Vol. 25 No. 1 2(97 98) (2012): THE ETHOS OF THE WORD



FROM THE EDITORS – A Promise of Truth (D.Ch.)

 

 

Every word gives a promise of truth. This «natural» epistemological attitude pervades human life, determining its cultural continuity and the formation of social bonds, as well as giving sense to human creativity. The essence of this «natural epistemology» inherently present in human life consists in the expectation that the words that are being heard, indeed every message that comes from another human being, are a vehicle of truth and provide some information about how «things are,» thus enabling a better orientation in the surrounding world in all its dimensions. The human being trusts in the objective sense of words in the belief that even if they cannot provide truth about a given subject, they at least make getting closer to truth possible or are helpful in establishing what the conditions of finding out this truth are, and in deciding what still remains unknown.

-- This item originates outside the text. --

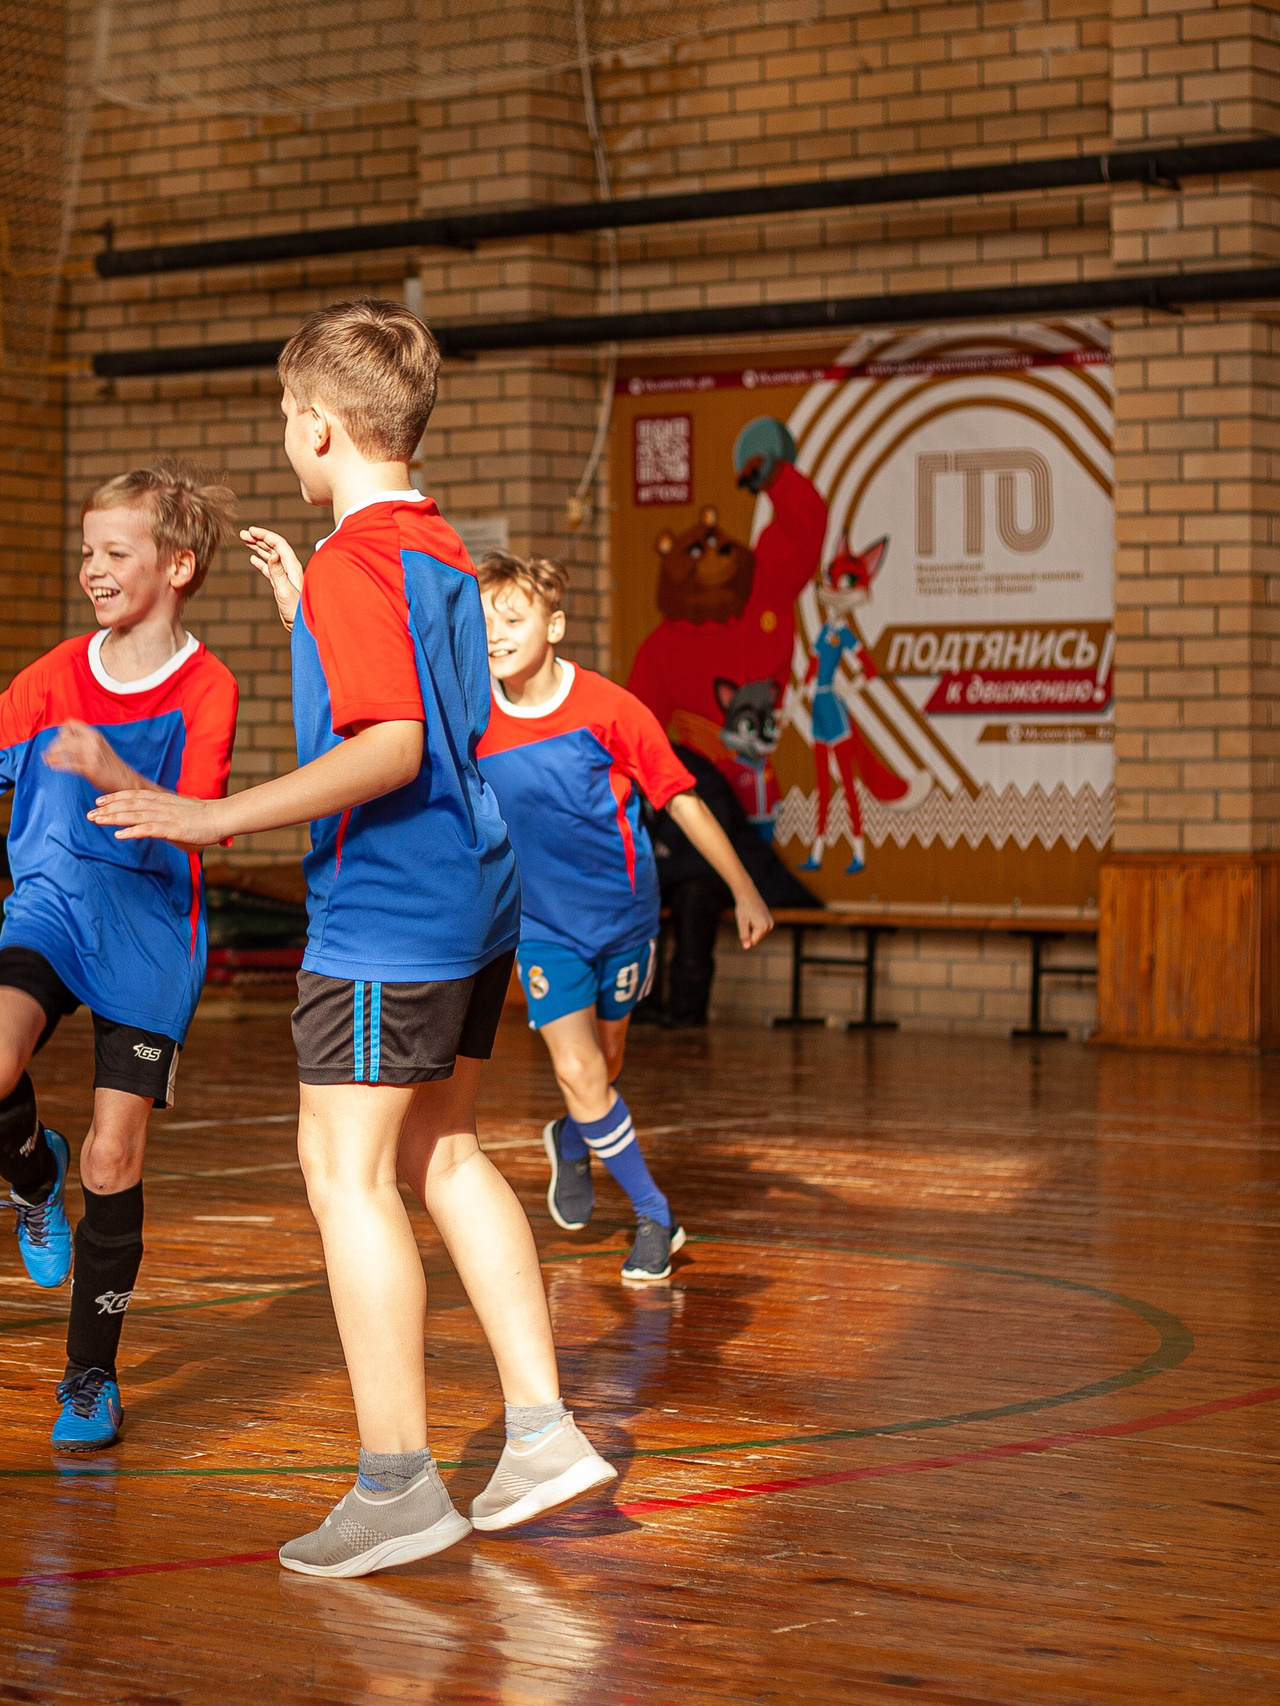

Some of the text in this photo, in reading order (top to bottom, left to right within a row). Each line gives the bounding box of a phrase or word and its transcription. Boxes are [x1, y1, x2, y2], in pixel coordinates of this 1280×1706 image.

[916, 447, 1053, 556] ГТО
[945, 680, 964, 704] к
[614, 962, 639, 1003] 9

Even in the face of deceit, also systematic or even systemic one, the latter kind pervading totalitarian systems, the human being clings to the conviction that deceit is some sort of disturbance, that it is something that should not be the case, that it should not happen (nota bene it is not without reason that totalitarian systems first of all seek to assume control over the free word). In the contemporary world, this indefeasible trust in the words that are being said is manifested, for instance, in the steadfastness about the way people participate in political life: despite the widespread mistrust of the words spoken by politicians, despite being repeatedly deceived by them and despite their indignation about the deceptiveness in public life, they do not stop seeking and voting for the ones whose words – in their opinion – are most truthful, and they do not allow the possibility that all the politicians always lie. Another evident proof of this natural human trust in the words being heard is the easiness with which we respond to advertisements. Although we are perfectly aware that they use persuasion techniques and appeal to our weaknesses, although we distance ourselves from them, we nevertheless tend to treat them as a source of information and not infrequently find ourselves thinking: Maybe there is something true about what they say?

One might say that the human epistemological trust in words is simultaneously epistemological naivety, a certain weakness indeed, and that we learn from the culture of both the West and the East that one should rather be inclined in everyday life to adopt a more refined epistemological attitude, such as, for instance, skepticism or methodic doubt. Yet even the most sophisticated and most theoretically advanced projects put forward by philosophers who wish to promote a greater epistemological «maturity» ultimately turn out incapable of shaking the natural conviction that the words being heard convey truth. Even Freud, Marx and Nietzsche, the famous “masters of suspicion”1 about the word, were unable to succeed in this respect. While their observations broadened human knowledge of the reality as such and provided new ways of perceiving it, they failed in their attempts to undermine human trust in the word; at most they uncovered the so far unnoticed conditions of its interpretation. Postmodernism, which in turn attempted deconstruction of the word and advocated reading it merely as a narration type, stopped at the level of theory, also formulated by means of words.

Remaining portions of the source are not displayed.